‘Pension spiking’ is not protected by California law, top court rules
SAN FRANCISCO — For two decades, it was a treasured perk for some county employees across California: the ability to boost their pensions by cashing out unused vacation or sick leave, or working extra hours, at the end of their careers.
In some cases, workers received more in pension payments than they earned while working.
But with the state’s economy struggling and a pension crisis looming, then-Gov. Jerry Brown backed a sweeping reform measure in 2013 that prohibited county workers from “pension spiking.” Labor unions sued to overturn the new law.
On Thursday, in one of several closely watched pension cases, the California Supreme Court sided with the state, unanimously upholding a provision of the 2013 law that prohibited pension spiking by county workers.
In a decision written by Chief Justice Tani G. Cantil-Sakauye, the court said the law that ended pension spiking for county employees was enacted “for the constitutionally permissible purpose of closing loopholes and preventing abuse of the pension system.”
It was the second time in less than two years that the justices weighed in on a pension issue without touching a broader question of extreme significance to workers as well as governments — the fate of the so-called California Rule, a 65-year-old legal doctrine that strongly protects public pensions for all government workers except new hires.
David E. Mastagni, who represented Alameda County employees in the case, said he was disappointed for them but glad the California Rule survived.
Thursday’s decision could be perceived as a “chipping away” of the rule, he said, but it indicated the court would limit rollbacks of pension benefits to narrow “modifications just to address perceived abuses or loopholes.”
Public pensions are calculated based on a worker’s highest year of earnings, and some public pension plans allowed spiking.
The California Supreme Court made it clear Monday that state and local governments may reduce pension costs by repealing certain benefits without running afoul of constitutional protections for public pensions.
Unions and public employee groups contended that the anti-spiking provision conflicted with decades of court decisions upholding the California Rule.
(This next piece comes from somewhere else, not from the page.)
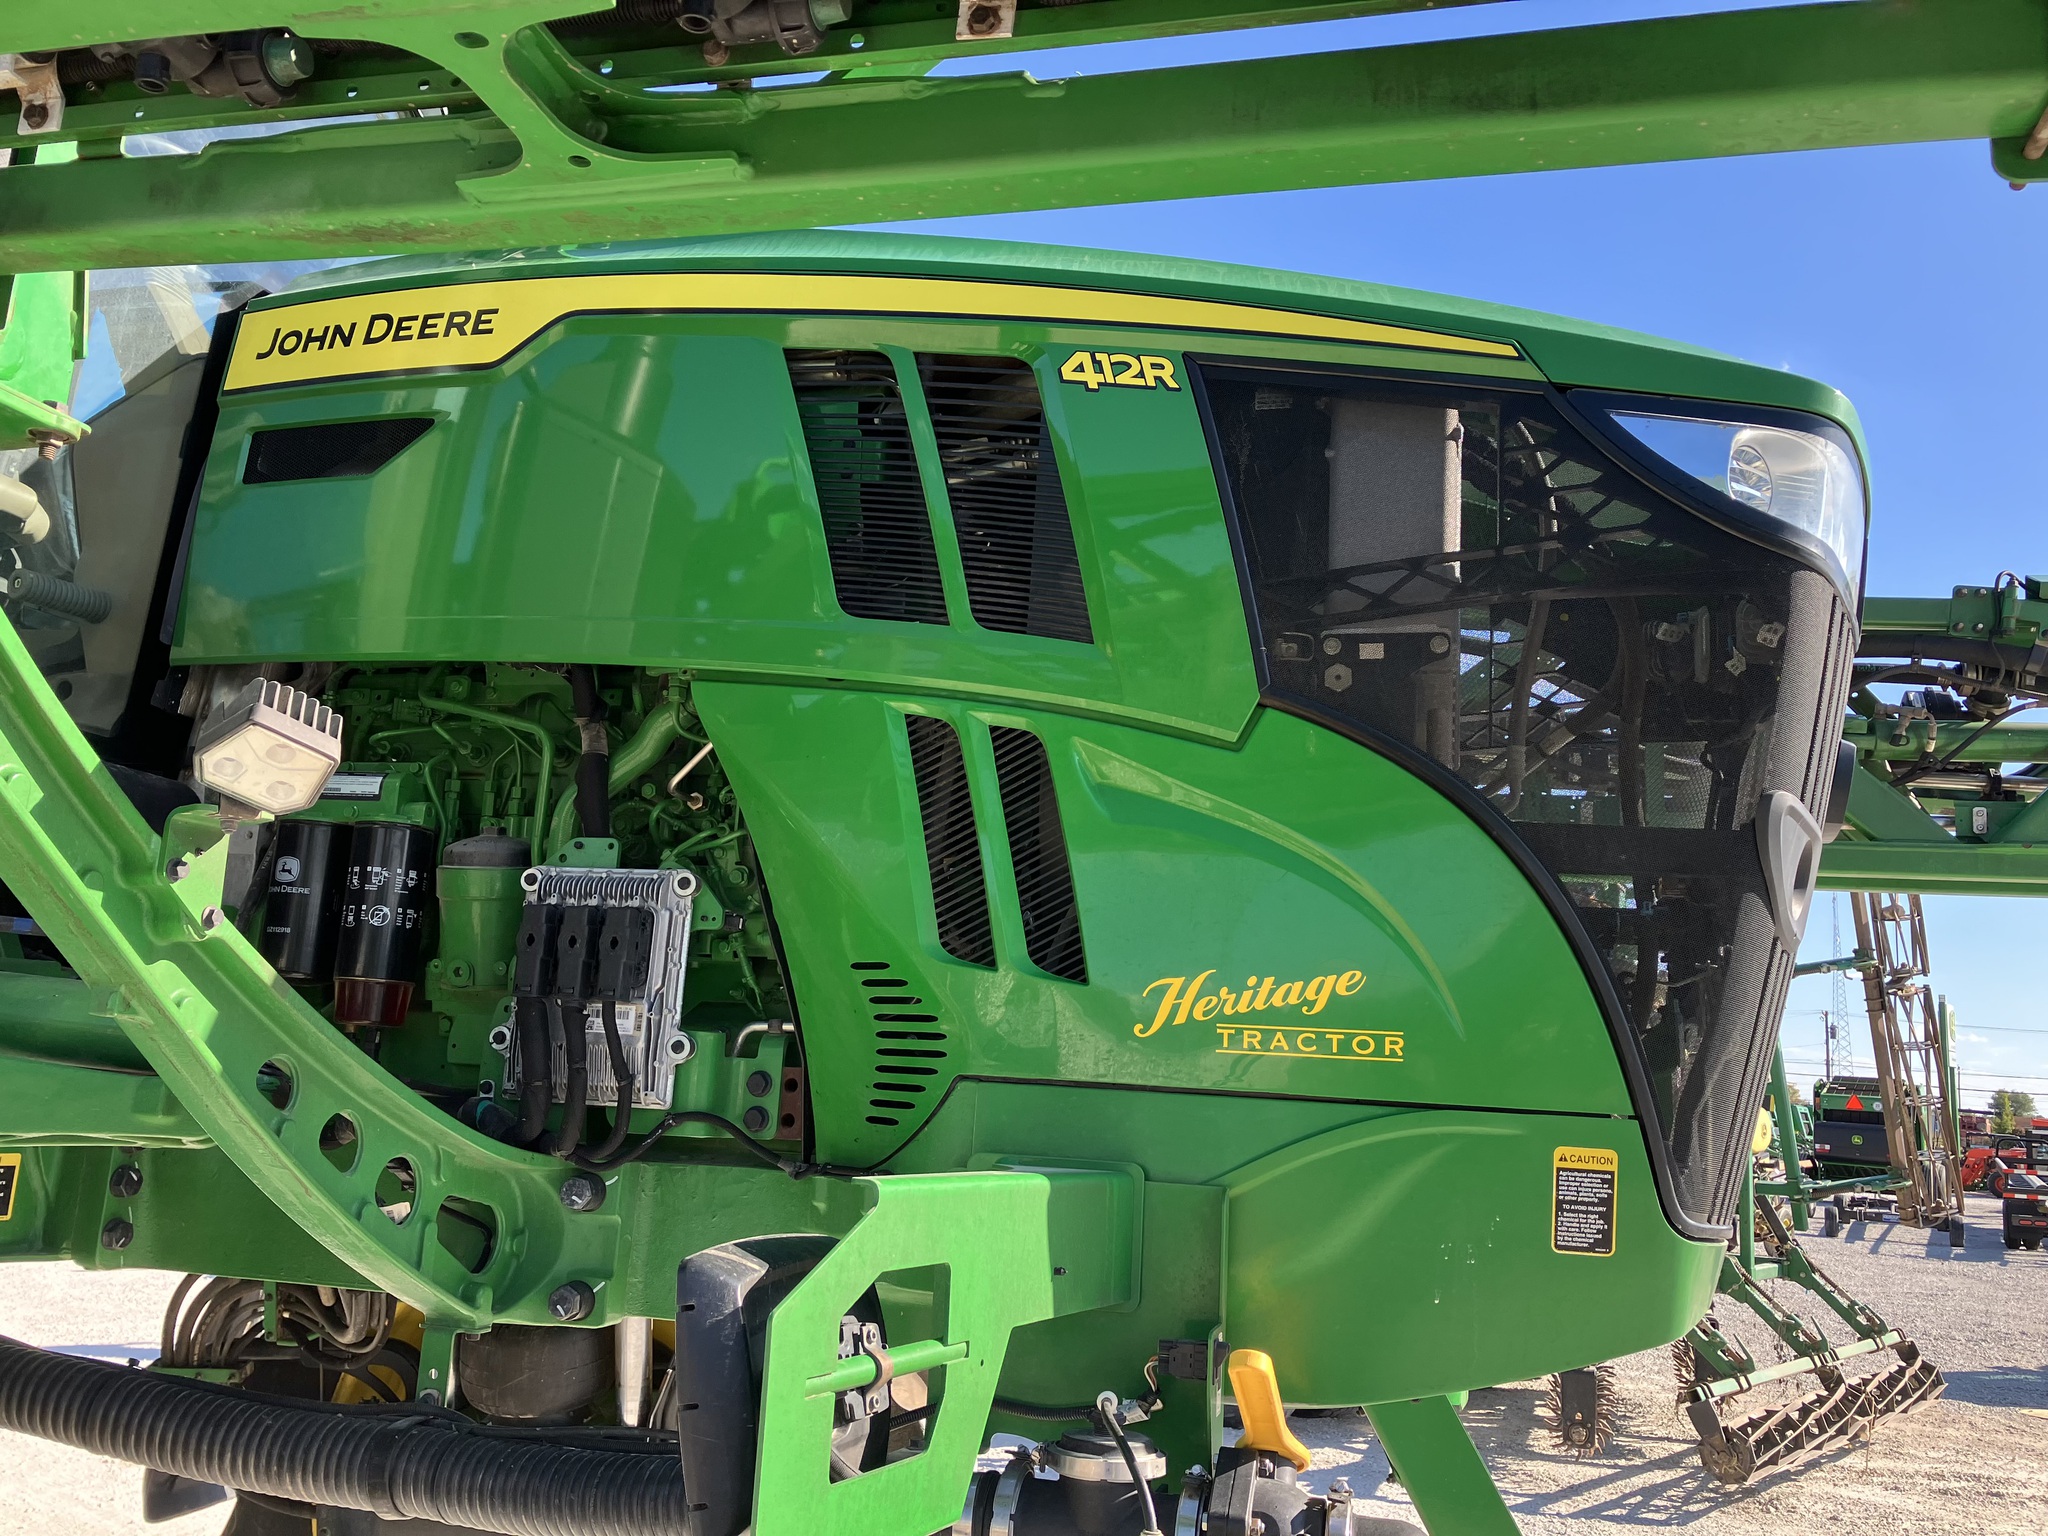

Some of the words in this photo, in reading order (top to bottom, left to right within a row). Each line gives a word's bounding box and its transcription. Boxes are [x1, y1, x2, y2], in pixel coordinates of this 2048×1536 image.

It made California’s public pension protections among the strongest in the country.
The rule guarantees workers the pension they would be due under the benefit package in place on the day they were hired. Pensions are considered constitutionally protected contracts.
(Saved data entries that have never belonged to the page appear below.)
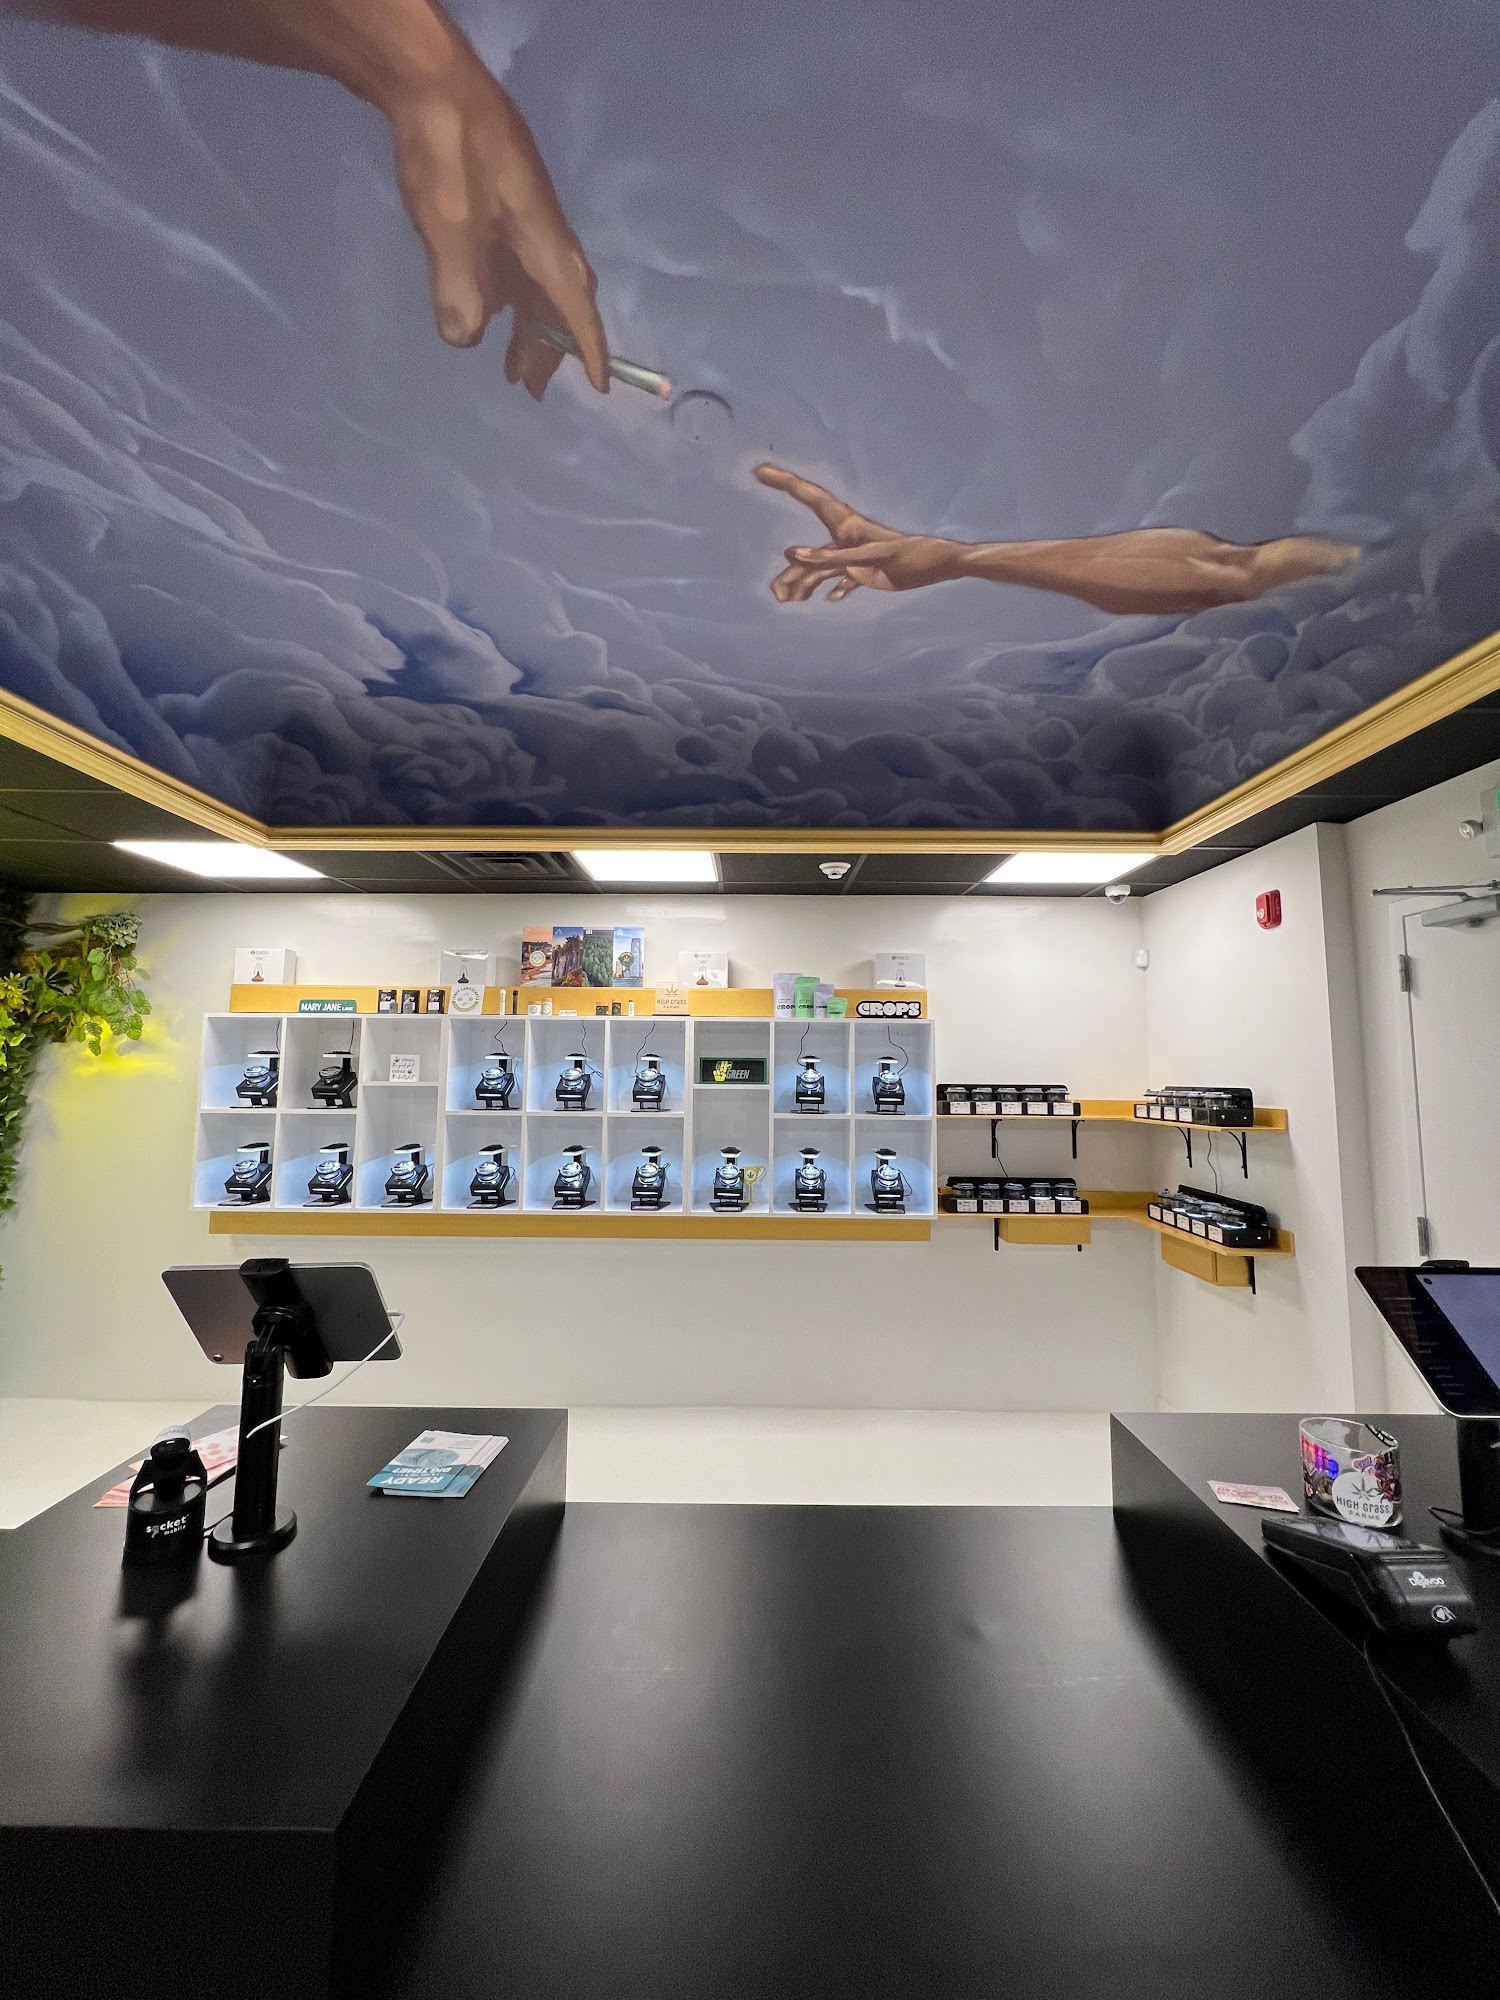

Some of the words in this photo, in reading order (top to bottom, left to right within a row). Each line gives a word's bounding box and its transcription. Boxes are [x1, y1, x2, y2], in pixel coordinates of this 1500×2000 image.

[301, 1003, 322, 1011] MARY
[322, 1003, 342, 1011] JANE
[858, 1002, 920, 1016] CROPS
[726, 1069, 750, 1080] GREEN
[380, 1476, 444, 1485] READY
[1336, 1495, 1360, 1510] HIGH
[1362, 1502, 1391, 1514] Grass
[1349, 1509, 1380, 1520] FARMS
The formula for calculating retirement income could be changed only in a way that was neutral or advantageous to the worker, according to the rule.
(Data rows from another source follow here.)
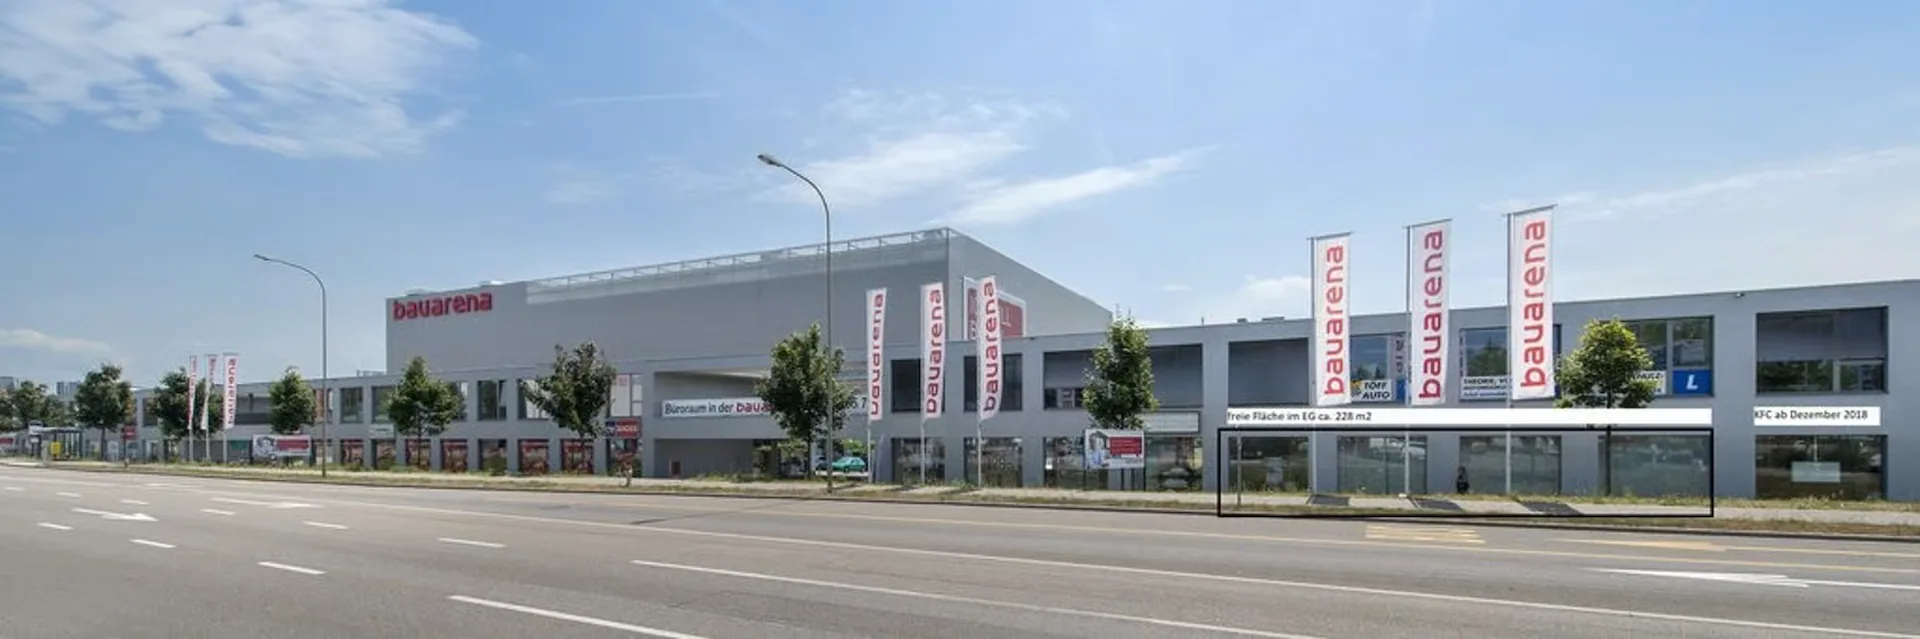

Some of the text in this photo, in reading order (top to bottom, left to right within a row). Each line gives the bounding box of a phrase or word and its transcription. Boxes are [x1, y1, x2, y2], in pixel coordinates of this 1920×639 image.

[393, 292, 492, 320] bauarena
[926, 289, 942, 413] bauarena
[984, 281, 999, 412] bauarena
[1324, 245, 1345, 395] bauarena
[1419, 230, 1443, 398] bauarena
[1520, 221, 1547, 388] bauarena
[665, 402, 708, 415] Büroraum
[708, 402, 717, 412] in
[718, 401, 734, 413] der
[1362, 391, 1390, 400] AUTO
[1686, 374, 1698, 390] L
Some business groups and others had urged the court to use the legal challenges to Brown’s pension package as a vehicle for weakening the California Rule, which would have affected public employees across the state. The court refused, writing instead a narrow decision.
“We have no jurisprudential reason to undertake a fundamental reexamination of the rule,” the court said.
In the ruling, the court said that lawmakers “must have the authority, discretion, and flexibility” to address such issues as pension spiking.
Requiring the government to offer a benefit to offset the elimination of pension padding would “significantly undermine” the Legislature’s efforts to close loopholes, the court said.
The decision upheld a state law barring the practice of pension spiking.
The decision on spiking applies to 20 counties that administer their pension plans under the County Employees Retirement Law of 1937, which the 2013 law amended. L.A., Orange, San Bernardino and San Diego counties are among them. The city of Los Angeles has a separate pension system.
Most state employees can still use accumulated sick leave to buy additional service credit, said Michael Jarvis, managing labor relations consultant for the law firm of Mastagni Holstedt. The 2013 pension law did not change that. At California State University, Jarvis said, it takes 250 days of sick leave to get one additional year of service credit, raising the employee’s pension from 1.5% to 3% a year.
Timothy K. Talbot, who represented the employees of Contra Costa and Merced counties in Thursday’s case, said the ruling would be “very disappointing and devastating” to his clients because “they were relying on that benefit,” which he called “vacation cash-out.”
The benefit was part of court-approved settlements dating to the late 1990s and was used by the counties to lure people to work for them, he said.
Ted Toppin, chairman of Californians for Retirement Security, a 1.6-million-member coalition of public employees and retirees, expressed relief that the decision “unequivocally” upheld the California Rule and protected “the retirement security of California public servants … working on the front lines to protect Californians during the pandemic.”
But he said the ruling did “seem to undermine the retirement security of Alameda County sheriff deputies,” one of the groups of employees who filed suit.
“Their employer and retirement system made a promise to them that the court decision now allows them to break,” Toppin said. “That is unfair and unfortunate. If public employers make a pension commitment to their workers, they should keep it.”
Gov. Gavin Newsom, whose office argued in favor of the 2013 law, did not comment on the ruling.
In another unanimous pension decision last year, the state high court said the government could reduce pension benefits without running afoul of the California Rule.
The court in that case upheld California’s 2012 repeal of an “air time” benefit that allowed state workers to buy credits toward retirement service.